(Free-text object descriptions)
++++++++++

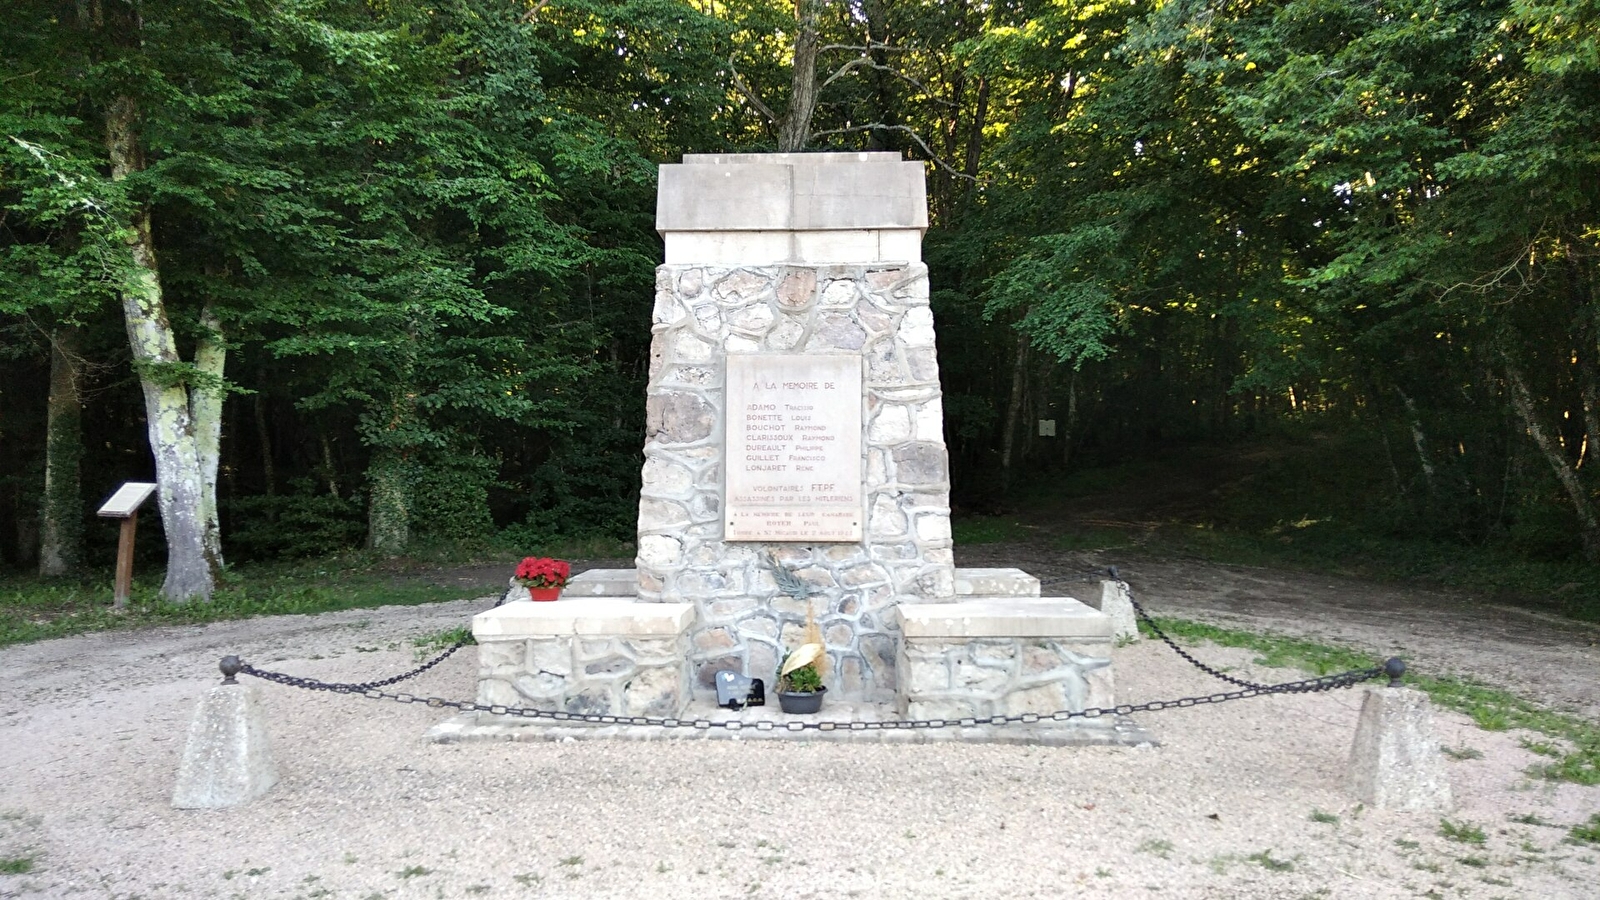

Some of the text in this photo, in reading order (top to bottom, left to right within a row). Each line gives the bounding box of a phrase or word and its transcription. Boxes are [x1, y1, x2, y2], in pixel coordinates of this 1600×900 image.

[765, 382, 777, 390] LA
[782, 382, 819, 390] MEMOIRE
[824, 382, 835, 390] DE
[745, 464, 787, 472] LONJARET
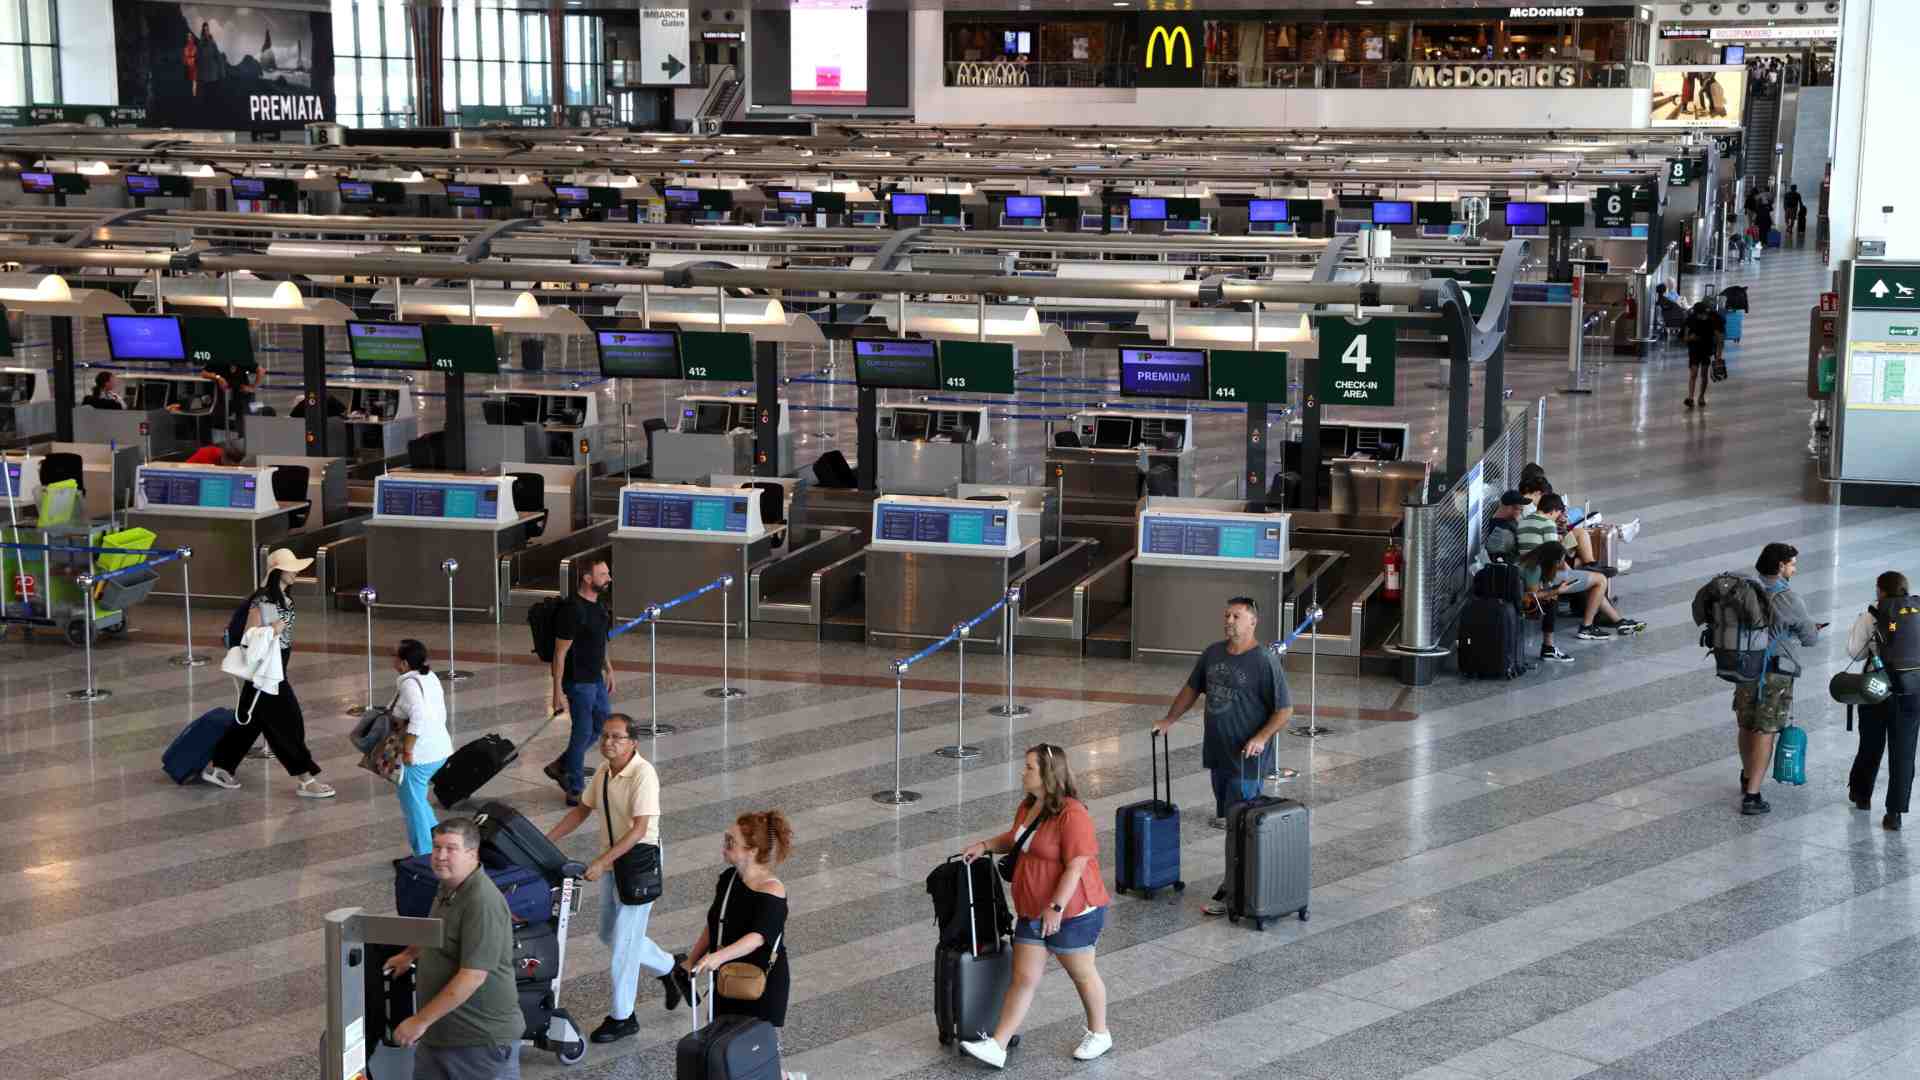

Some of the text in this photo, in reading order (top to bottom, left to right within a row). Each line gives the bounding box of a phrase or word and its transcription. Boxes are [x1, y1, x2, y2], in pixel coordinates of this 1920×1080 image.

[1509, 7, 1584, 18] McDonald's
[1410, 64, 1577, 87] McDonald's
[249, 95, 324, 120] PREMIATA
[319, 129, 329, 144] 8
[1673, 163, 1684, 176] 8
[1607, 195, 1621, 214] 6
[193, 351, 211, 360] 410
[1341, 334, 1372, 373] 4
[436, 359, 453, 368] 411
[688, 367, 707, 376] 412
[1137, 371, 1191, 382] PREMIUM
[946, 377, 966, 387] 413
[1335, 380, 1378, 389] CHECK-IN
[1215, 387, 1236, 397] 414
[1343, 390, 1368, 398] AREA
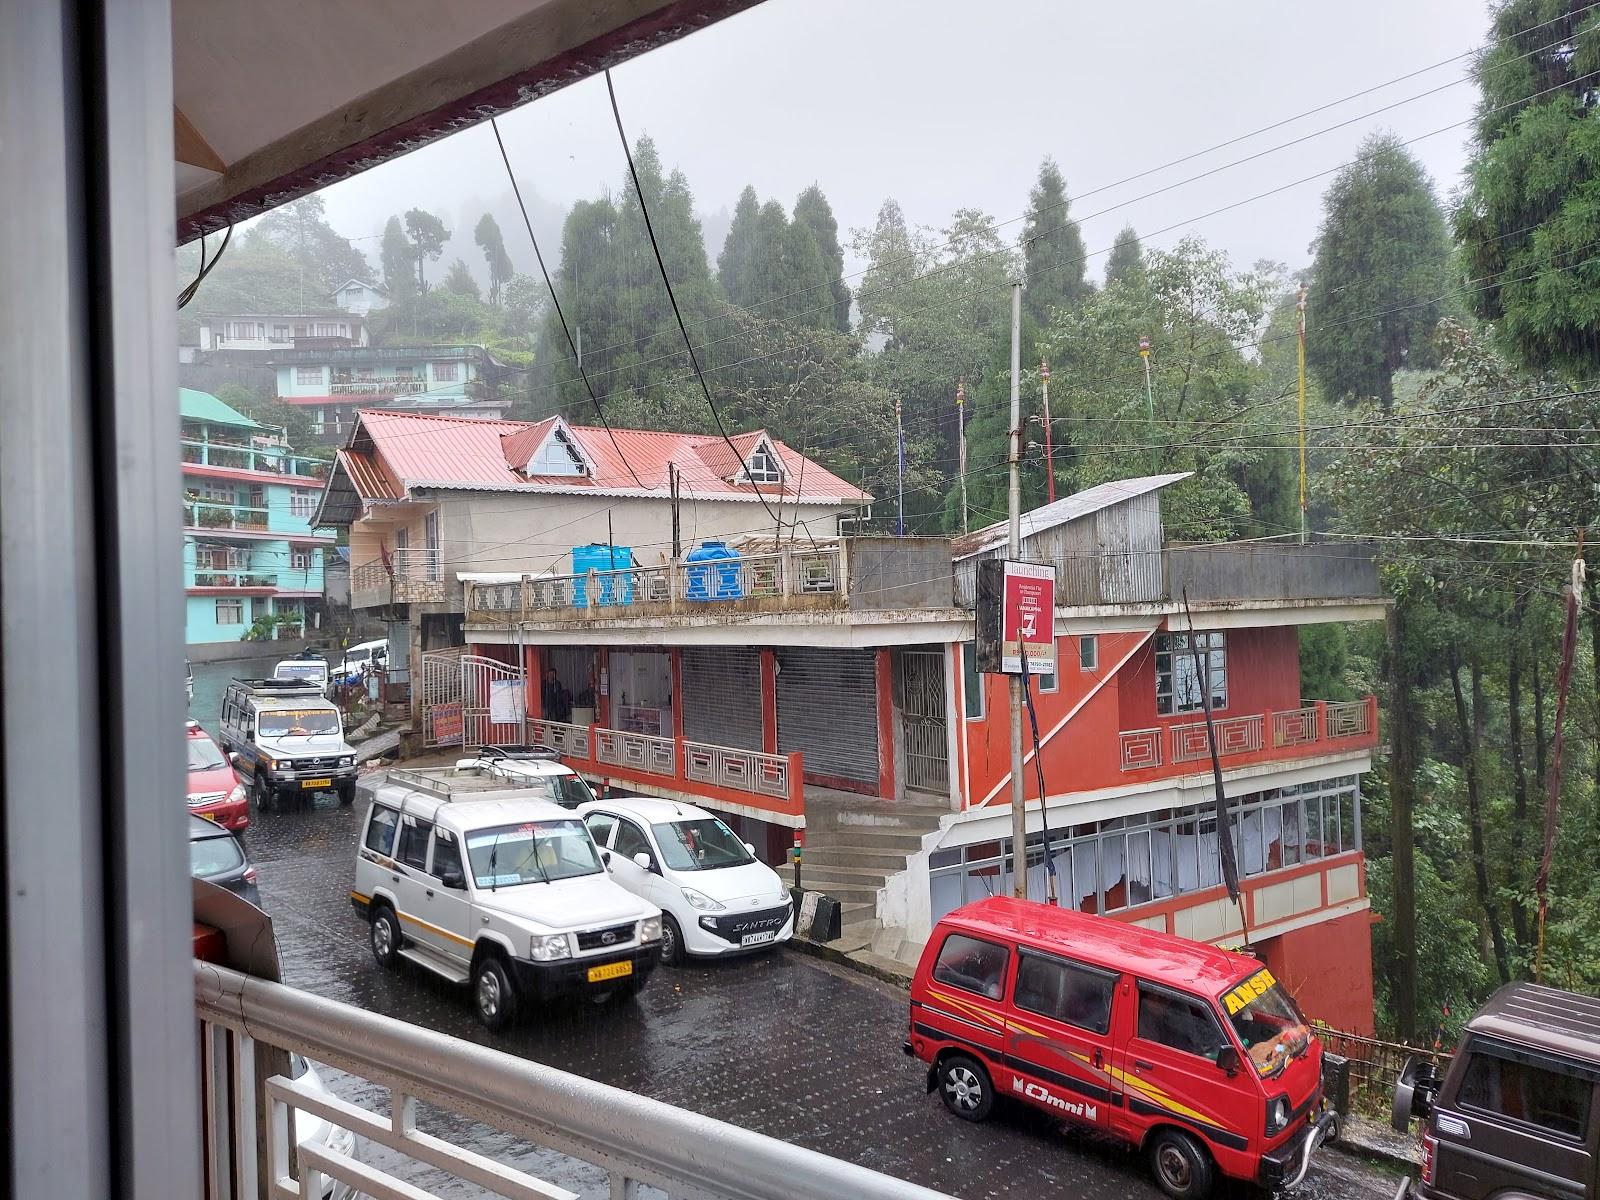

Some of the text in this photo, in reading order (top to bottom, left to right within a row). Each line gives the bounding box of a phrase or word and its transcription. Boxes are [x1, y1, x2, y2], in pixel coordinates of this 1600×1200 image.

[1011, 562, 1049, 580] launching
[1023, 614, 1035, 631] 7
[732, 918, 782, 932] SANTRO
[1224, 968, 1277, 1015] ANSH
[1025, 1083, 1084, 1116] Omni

++++++++++

### AIM OF THE TASK
Each line of the data must be restated exactly, and the pictures must be left out.

### EXPECTED ANSWER
Some of the text in this photo, in reading order (top to bottom, left to right within a row). Each line gives the bounding box of a phrase or word and its transcription. Boxes are [x1, y1, x2, y2], in pixel coordinates of this 1600×900 image.

[765, 382, 777, 390] LA
[782, 382, 819, 390] MEMOIRE
[824, 382, 835, 390] DE
[745, 464, 787, 472] LONJARET

Some of the text in this photo, in reading order (top to bottom, left to right within a row). Each line gives the bounding box of a phrase or word and its transcription. Boxes are [x1, y1, x2, y2], in pixel coordinates of this 1920×1080 image.

[1509, 7, 1584, 18] McDonald's
[1410, 64, 1577, 87] McDonald's
[249, 95, 324, 120] PREMIATA
[319, 129, 329, 144] 8
[1673, 163, 1684, 176] 8
[1607, 195, 1621, 214] 6
[193, 351, 211, 360] 410
[1341, 334, 1372, 373] 4
[436, 359, 453, 368] 411
[688, 367, 707, 376] 412
[1137, 371, 1191, 382] PREMIUM
[946, 377, 966, 387] 413
[1335, 380, 1378, 389] CHECK-IN
[1215, 387, 1236, 397] 414
[1343, 390, 1368, 398] AREA

Some of the text in this photo, in reading order (top to bottom, left to right within a row). Each line gives the bounding box of a phrase or word and its transcription. Boxes are [x1, y1, x2, y2], in pixel coordinates of this 1600×1200 image.

[1011, 562, 1049, 580] launching
[1023, 614, 1035, 631] 7
[732, 918, 782, 932] SANTRO
[1224, 968, 1277, 1015] ANSH
[1025, 1083, 1084, 1116] Omni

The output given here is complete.